- Published on
LangChain and LlamaIndex: Building LLM Applications
- Authors

- Name
- Jared Chung
Introduction
Building LLM applications from scratch requires implementing chains, memory, document loading, vector storage, and more. LangChain and LlamaIndex are frameworks that provide these building blocks, saving weeks of development time.
But which should you use? They overlap significantly but have different philosophies:
- LangChain is a general-purpose orchestration framework for any LLM workflow
- LlamaIndex is focused specifically on connecting LLMs with your data
This guide helps you understand both frameworks and choose the right one for your project.
Understanding the Frameworks
LangChain: The Swiss Army Knife
LangChain's philosophy is flexibility.

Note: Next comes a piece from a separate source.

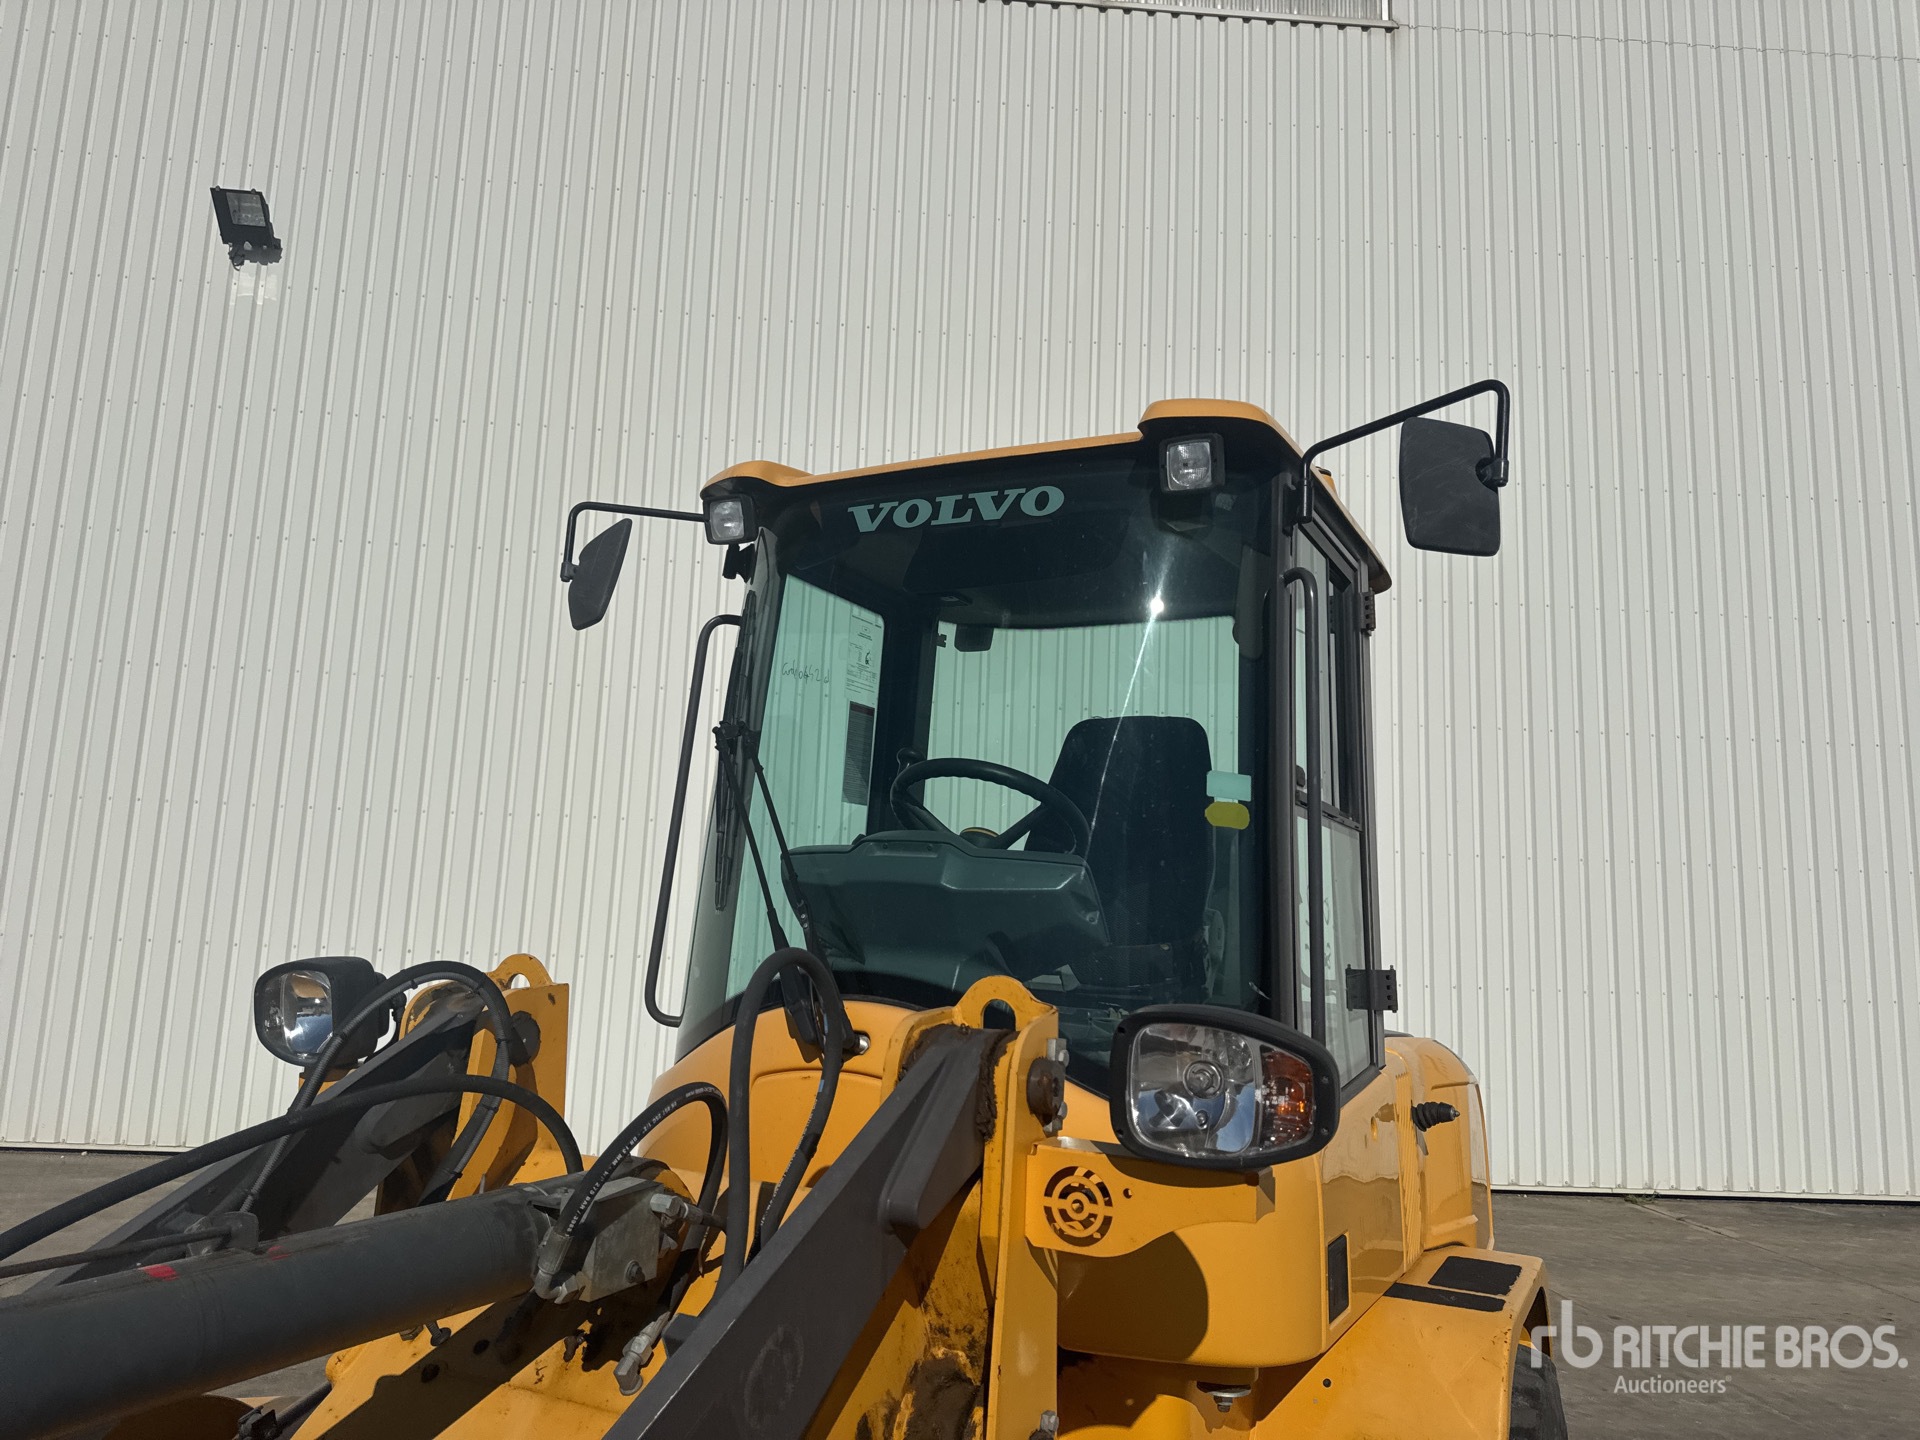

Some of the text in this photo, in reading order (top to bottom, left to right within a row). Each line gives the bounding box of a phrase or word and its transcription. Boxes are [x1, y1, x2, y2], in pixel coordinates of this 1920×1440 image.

It provides primitives for:
- Models: Unified interface to any LLM (OpenAI, Anthropic, local models)
- Prompts: Template management and composition
- Chains: Sequences of operations
- Memory: Conversation history management
- Agents: LLMs that can use tools and make decisions
- Callbacks: Logging, streaming, and monitoring
The learning curve is steeper because there's more to learn, but you can build anything.
LlamaIndex: The Data Expert
LlamaIndex's philosophy is simplicity for data-centric applications. It excels at:
- Data Connectors: Load from 160+ sources (Notion, Slack, databases, etc.)
- Index Structures: Different ways to organize data for retrieval
- Query Engines: Sophisticated retrieval and response synthesis
- Node Processing: Transform and filter retrieved content
For RAG applications, LlamaIndex often requires less code.
When to Use Each
| Use Case | Recommended | Why |
|---|---|---|
| Simple Q&A over documents | LlamaIndex | Purpose-built, less code |
| Complex multi-step agents | LangChain | Better agent framework |
| Chatbot with memory | LangChain | Robust memory options |
| Multiple data sources | LlamaIndex | 160+ connectors |
| Custom LLM workflows | LangChain | LCEL composition |
| Production RAG | Both | Use together for full power |
Core Concepts
LangChain Expression Language (LCEL)
LCEL is LangChain's declarative way to compose chains using the pipe operator:
from langchain_openai import ChatOpenAI
from langchain_core.prompts import ChatPromptTemplate
from langchain_core.output_parsers import StrOutputParser
# Create components
prompt = ChatPromptTemplate.from_template("Explain {topic} simply")
model = ChatOpenAI(model="gpt-4o-mini")
parser = StrOutputParser()
# Compose with pipe operator
chain = prompt | model | parser
# Run
result = chain.invoke({"topic": "quantum computing"})
The chain flows left to right: prompt formats the input → model generates → parser extracts text.
Why LCEL?
- Automatic streaming support
- Parallel execution where possible
- Built-in retry logic
- Easy debugging with intermediate values
LlamaIndex Query Pipeline
LlamaIndex has a similar concept with query pipelines:
from llama_index.core import VectorStoreIndex, SimpleDirectoryReader
from llama_index.core.query_pipeline import QueryPipeline
# Load and index documents
documents = SimpleDirectoryReader("data").load_data()
index = VectorStoreIndex.from_documents(documents)
# Create query engine
query_engine = index.as_query_engine()
# Query
response = query_engine.query("What is the main topic?")
LlamaIndex's approach is more opinionated—it handles more automatically but gives less control.
Building a RAG Application
Let's compare implementing the same RAG system in both frameworks.
LangChain RAG
from langchain_openai import ChatOpenAI, OpenAIEmbeddings
from langchain_community.vectorstores import Chroma
from langchain_community.document_loaders import PyPDFLoader
from langchain.text_splitter import RecursiveCharacterTextSplitter
from langchain_core.prompts import ChatPromptTemplate
from langchain_core.runnables import RunnablePassthrough
# 1. Load documents
loader = PyPDFLoader("document.pdf")
docs = loader.load()
# 2. Split into chunks
splitter = RecursiveCharacterTextSplitter(chunk_size=1000, chunk_overlap=200)
chunks = splitter.split_documents(docs)
# 3. Create vector store
vectorstore = Chroma.from_documents(chunks, OpenAIEmbeddings())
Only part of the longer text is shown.